Atomic Radius Trends Across a Period (Neutral Elements)

Atomic Radius Trend Across a Period (Neutral Elements)

• Across a period (left to right) in the periodic table, the atomic radius generally decreases.
• The size is typically discussed in picometers (pm).
• Primary cause: increase in effective nuclear charge (Z_eff) felt by the valence electrons as you add protons across a period.
• Why shielding doesn't rise much across a period:
  • Inner electron shielding (S) remains roughly constant because electrons are added to the same principal energy level; there is not a significant increase in shielding from newly added electrons.
  • Therefore, the increase in Z (the nuclear charge) is not countered by a proportional rise in shielding, so Z_eff ≈ Z − S increases across the period.
• Consequence: stronger attraction between the nucleus and the valence electrons pulls the outer electrons closer, causing the atomic radius to contract.
• Relationship to electron configurations and orbital diagrams:
  • As you move across a period, the principal quantum number n of the valence shell does not increase until the next period begins; electrons are added to the same shell and sublevels, but the increased Z_eff pulls orbitals inward.
  • Orbital diagrams reflect increasingly contracted orbitals for the same n as Z_eff grows.
• Notes on measurement and scope:
  • When comparing neutral atoms, the covalent radius is a common measure in many educational contexts.
  • The statement refers to neutral elements; ionic forms are treated separately (see below).
• Minor caveats:
  • The trend is general; there can be small deviations due to sublevel energy differences and electron–electron repulsion within subshells.
• Quick takeaway: increasing nuclear charge across a period strengthens attraction on outer electrons, shrinking the atomic radius in neutral atoms.

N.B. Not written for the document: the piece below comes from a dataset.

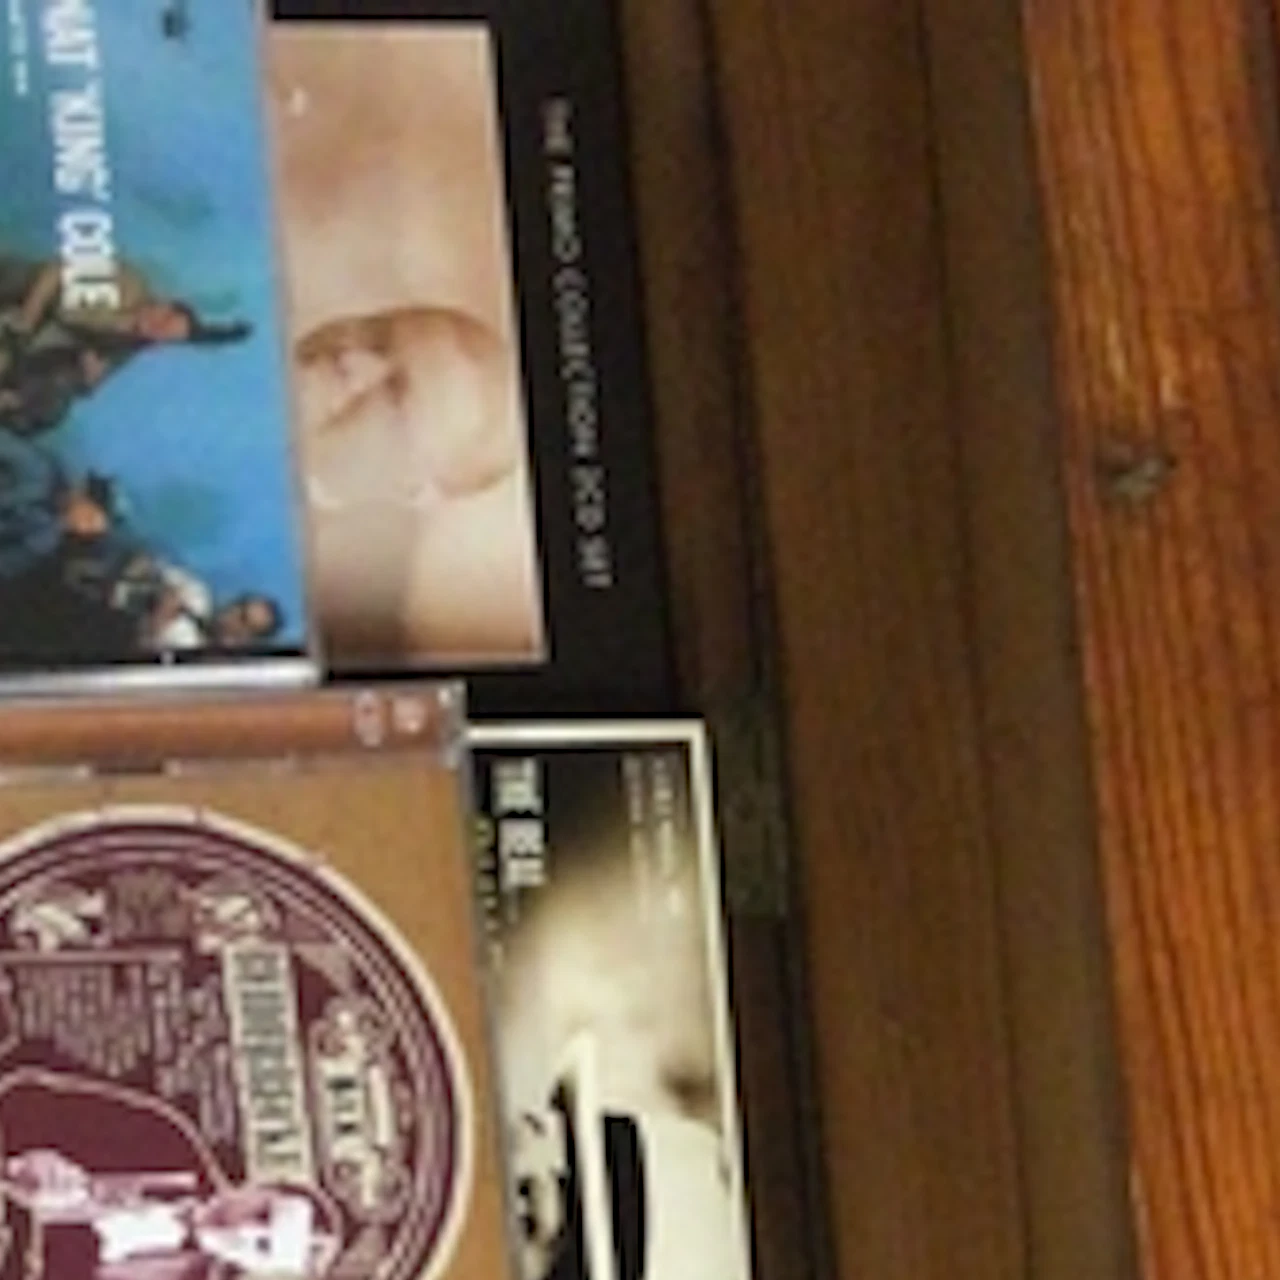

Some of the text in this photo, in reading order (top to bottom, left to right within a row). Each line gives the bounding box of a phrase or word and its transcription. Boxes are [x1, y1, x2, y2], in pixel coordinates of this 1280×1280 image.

[54, 209, 119, 311] COLE
[542, 97, 613, 590] THE PRIMO COLLECTION 2CD SET
[490, 757, 543, 816] THE

Ionic Radii vs Atomic Radii: A Separate Topic

• If ions are formed, electron configurations change and orbital diagrams adjust accordingly; this is a different topic from neutral atoms.
• General ideas to keep in mind (for context):
  • Cations (positively charged) are typically smaller than their neutral atoms because electrons are removed from the outer shell, reducing electron–electron repulsion and contracting the cloud.
  • Anions (negatively charged) are typically larger than their neutral atoms because added electrons increase electron–electron repulsion and expand the electron cloud.
  • In isoelectronic series (same number of electrons), radii decrease with increasing nuclear charge.

Key Concepts and Formulas

• Effective Nuclear Charge (qualitative):
  • $Z_ ext{eff} \,\approx\, Z - S$
  • Where Z is the actual nuclear charge and S is the shielding constant from inner electrons.
  • As $Z_ ext{eff}$ increases across a period, the atomic radius tends to decrease.

Focus on Neutral Elements

• The current discussion centers on neutral atoms; ions are acknowledged as a separate topic.
• Electron configurations progress across a period according to the Aufbau principle, with no new principal shells added until the next period.

Connections to Foundational Principles

• Periodic trends arise from the balance between attractive Coulomb forces from the nucleus and repulsive interactions among electrons, modulated by shielding.
• The concept of effective nuclear charge underpins why radii shrink across a period.
• Orbital contraction is a manifestation of increasing attraction on valence electrons without a substantial increase in shielding.

Real-World Relevance

• Atomic size affects bond lengths, lattice energies, and chemical reactivity across elements within the same period.
• Understanding these trends helps predict periodic behavior in bonding and material properties.